I vow to leave this world a better place than it was when I came into it. For today I vow to pick up a piece of
trash, smile at someone who cut me off in line, walk another flight of stairs, help my neighbor, recognize
that the person on the other side of an argument doesn’t argue just to win but because they believe their
cause is just and right, apply not tolerance but compassion, recognize that anger and blame begin and end
inside me no matter how just my case may be, see myself and others outside the confines of
socially-dictated roles and expectations, choose to recycle, offer my support to someone in need, reach
healthy compromise when other options don’t appear available, choose sustainable practices to grow what I
eat and build where I live, vote with my wallet, walk in nature, become involved. For today I vow to
recognize that it is not what others do that makes me unhappy and stops my growth and my ability to
contribute meaningfully—it is my own choices in each moment.
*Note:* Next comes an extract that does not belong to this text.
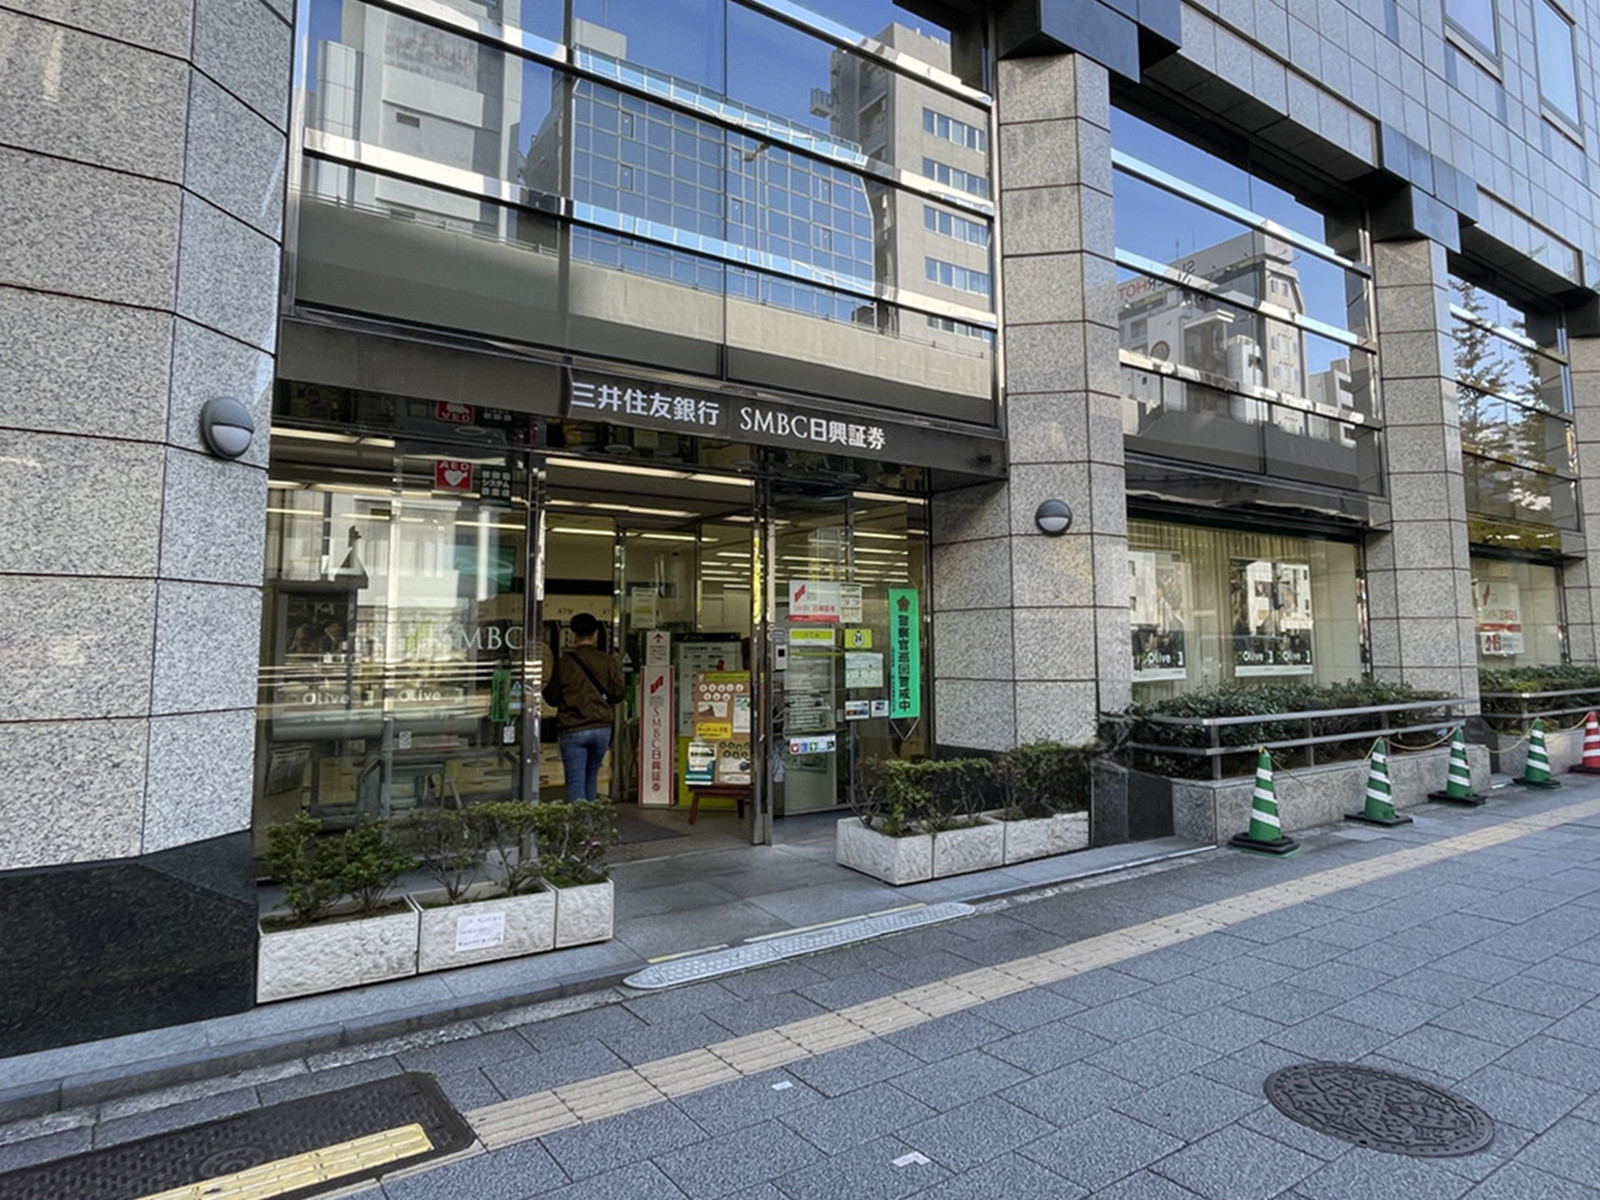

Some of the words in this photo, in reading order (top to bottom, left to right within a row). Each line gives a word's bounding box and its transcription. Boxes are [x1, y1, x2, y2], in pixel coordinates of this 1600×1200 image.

[571, 381, 720, 426] 三井住友銀行
[739, 406, 886, 450] SMBC日興証券
[446, 625, 524, 650] MBC
I may work today as a corporate executive, a farmer, a waitress, a soldier, a politician, a pastor, a clerk, a
teacher, a laborer, a computer programmer, an artist, a public service employee, a forest ranger, an at-home
parent, an intellectual, an oilfield worker, a community activist, a writer, or be unemployed or retired or
unable to work; what I do to try to make a living doesn’t necessarily matter—what I do in each moment
does. I can be a religious person, a spiritual person or neither—my choices still matter. I can be a
successful person or have found failure after failure—my choices still matter. I can have achieved every
dream or none at all—my choices still matter. I can have been born privileged or destitute—my choices still
I know that when more of us start to act toward each other in this way, our lives will change fundamentally
and collectively, as we shift the quality of life for all--for me, for you, for our neighbors, for our personal
community, for our global community, for the planet.
I accept that both my quality of life and the quality of life of all others are my choice and my responsibility
and I choose to do something about it every day.
Intuisdom Institute, 2009
Becoming Your Natural Self...
Spiritual development is inordinately difficult to achieve with intellectual approaches to an experiential truth.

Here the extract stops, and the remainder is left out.